Rules for the School Nurse's Office

Published

OK, I love the threads for Rules of the ER and Dr.'s office...we need our own rules! Here are a few I can think of...

1) Vomit that is not witnessed by an adult does not count.

2) If you are able to scream "I can't breathe!" at the top of your lungs, trust me, you can breathe.

3) Don't think because I can't speak a lot of Spanish that you will get away with calling your parent and telling them the nurse said they had to come pick you up. Our clerk speaks Spanish just fine and will be happy to make the call for me, but thanks for offerring.

4) If you are well enough to ask me for a book, toy, or candy, you are well enough to be in class.

5) If you are well enough to whisper, giggle, or play with your friend who "happens" to also be sick, you are well enough to be in class.

6) There is not a sign on my forehead that says "sanitary napkin dispenser". This happens every month. Bring them from home.

7) If you are a teacher and ask me every single day for a band-aid or a pad, you will get very dirty looks from me. You earn a paycheck. Go to Walmart.

8) If you are a teacher and cannot tell the difference between a medical issue (which I will gladly handle) and a behavioral issue (which I will not), allow me to educate you.

9) I will not send a student home for a runny nose with no other symptoms. Get over it and give them a tissue.

10) You cannot fake a fever. Rubbing your cheeks until they are bright red might fool the teacher, but not me. Any you can run the water in the bathroom as long as you want, it will never get warm enough to drink and make your oral temp higher. Besides, when in doubt I have an electronic forehead thermometer, but points for creativity!

What else ya got?

Specializes in Peds.

Your leg is not broken if you ran all the way down the hall to my office from recess.

Great Topic...keep the rules coming, because I'm writing them down for next year!

Specializes in Cardiology, School Nursing, General.

Any medication going in and out your office, must be signed in and out by an adult.

Specializes in School Nurse.

**If you were able to play chase at recess - you are NOT sick.

Specializes in Pediatrics, school nursing.

Teenage girls are going to get their period every month. Don't be shocked when I won't excuse you from PE because you have cramps, and for God's sake, carry some pads and tampons around with you! No, you can't have a handful of supplies from me, and I don't have pants to give you to wear.

There shall be No vomit on the health room floor.

Specializes in CPN.
There shall be No vomit on the health room floor.

OMG. I had a 7th grader vomit on my rug (outdoor rug at least) RIGHT NEXT TO A TRASH CAN!

Specializes in Med-surg, Nursing Leadership/Educ, School Nurse.

I am not psychic. Do not bring a PK child to the clinic and leave them without a pass. THEY CAN NOT TELL ME THEIR FULL NAME!

Specializes in School Nurse.

Don't know what number we are up to but: Mr. Asst. Principal, I am not the potty police. If you think a kid is abusing hall passes, you can escort him to the toilet. I've got enough kids with legitimate toileting problems rather than your discipline problems.

Specializes in kids.

Yassssss!!!!!!

Specializes in Cardiology, School Nursing, General.

Phone calls from students do not count as absences from the nurse. If I told you are okay and I even called your mom about it, then no reason to call your grandma to come get you.

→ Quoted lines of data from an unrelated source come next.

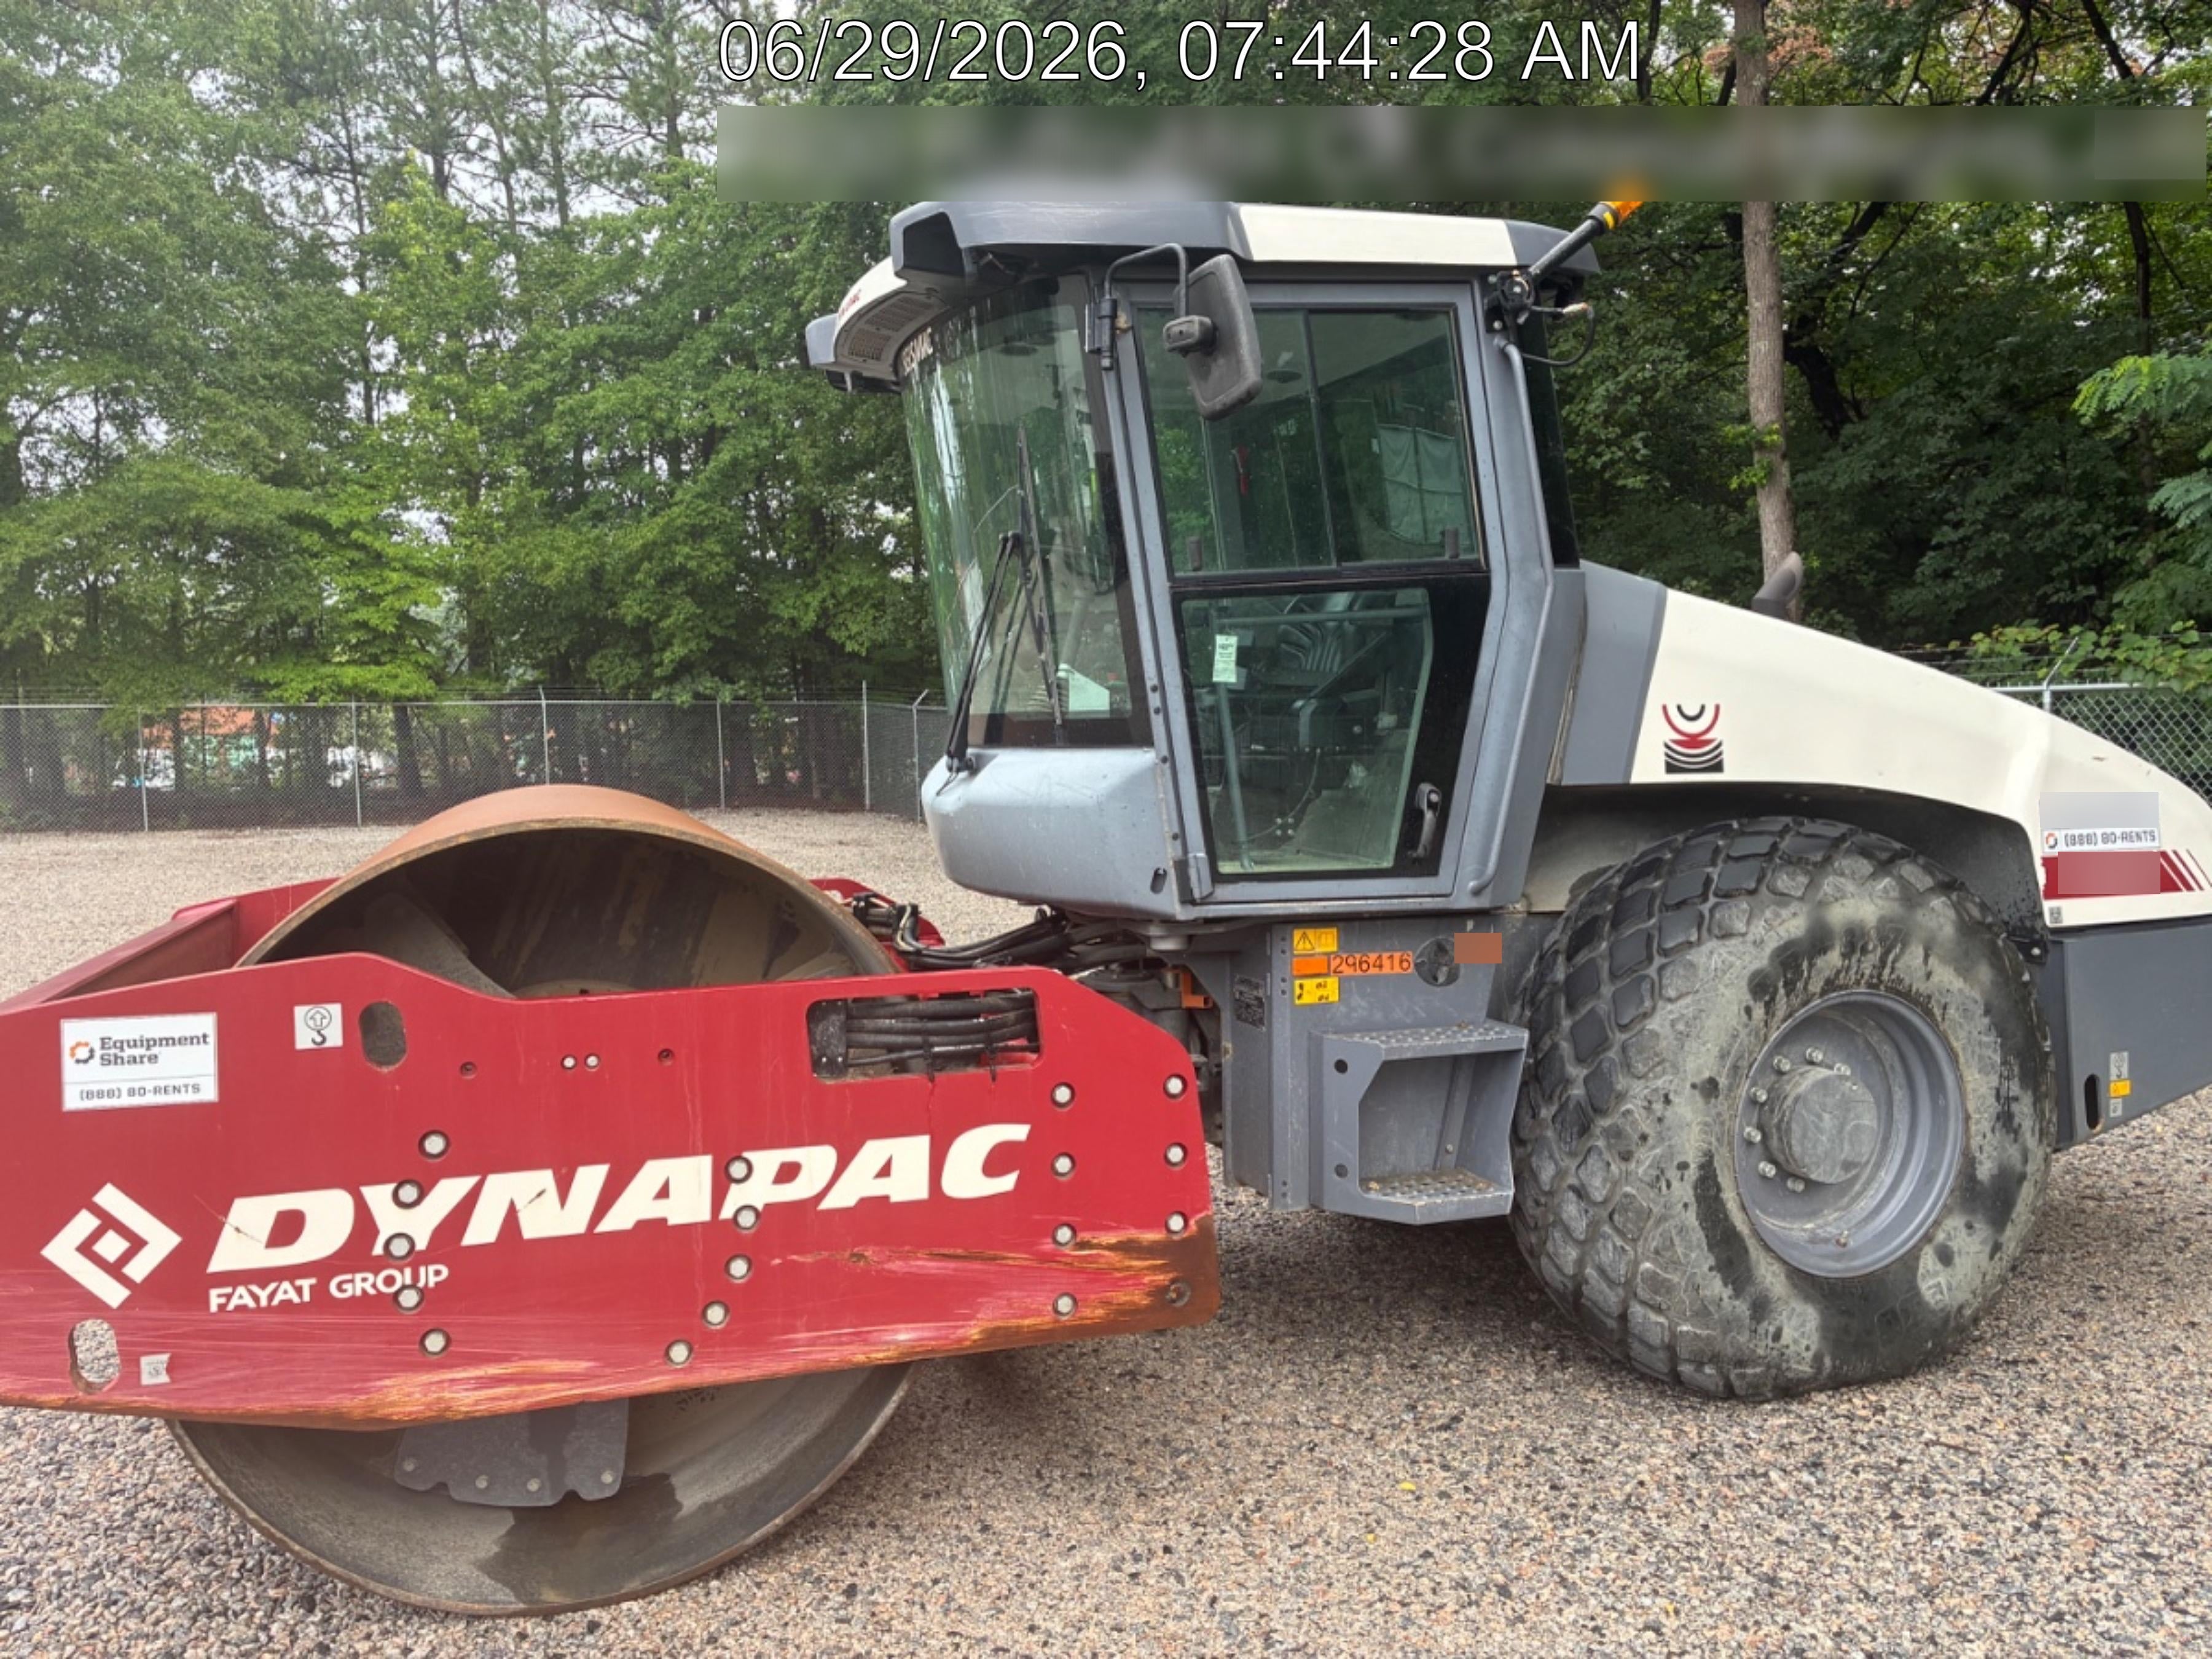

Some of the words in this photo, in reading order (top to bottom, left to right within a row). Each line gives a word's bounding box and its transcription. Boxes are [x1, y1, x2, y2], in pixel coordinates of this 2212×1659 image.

[2065, 832, 2097, 847] (888)
[2101, 830, 2155, 844] 80-RENTS
[1332, 954, 1411, 973] 296416
[100, 1033, 210, 1051] Equipment
[100, 1052, 159, 1066] Share
[80, 1087, 122, 1100] (888)
[127, 1083, 201, 1097] 80-RENTS
[206, 1124, 1030, 1274] DYNAPAC
[209, 1277, 317, 1313] FAYAT
[329, 1264, 449, 1299] GROUP

Specializes in school nursing/ maternal/child hospital based.
**If you tell your child who complains of feeling ill to go to school anyway, but if they start feeling worse to have the nurse call you...they will ALWAYS say they feel worse and want to go home...even if they are happily bouncing around my office, afebrile and full of energy. Kids are not stupid, if they can get a free pass home, they will!

THIS THIS THIS!!!! The famous "get out of school free card" UGH!!!!!!!!!!!!!!!!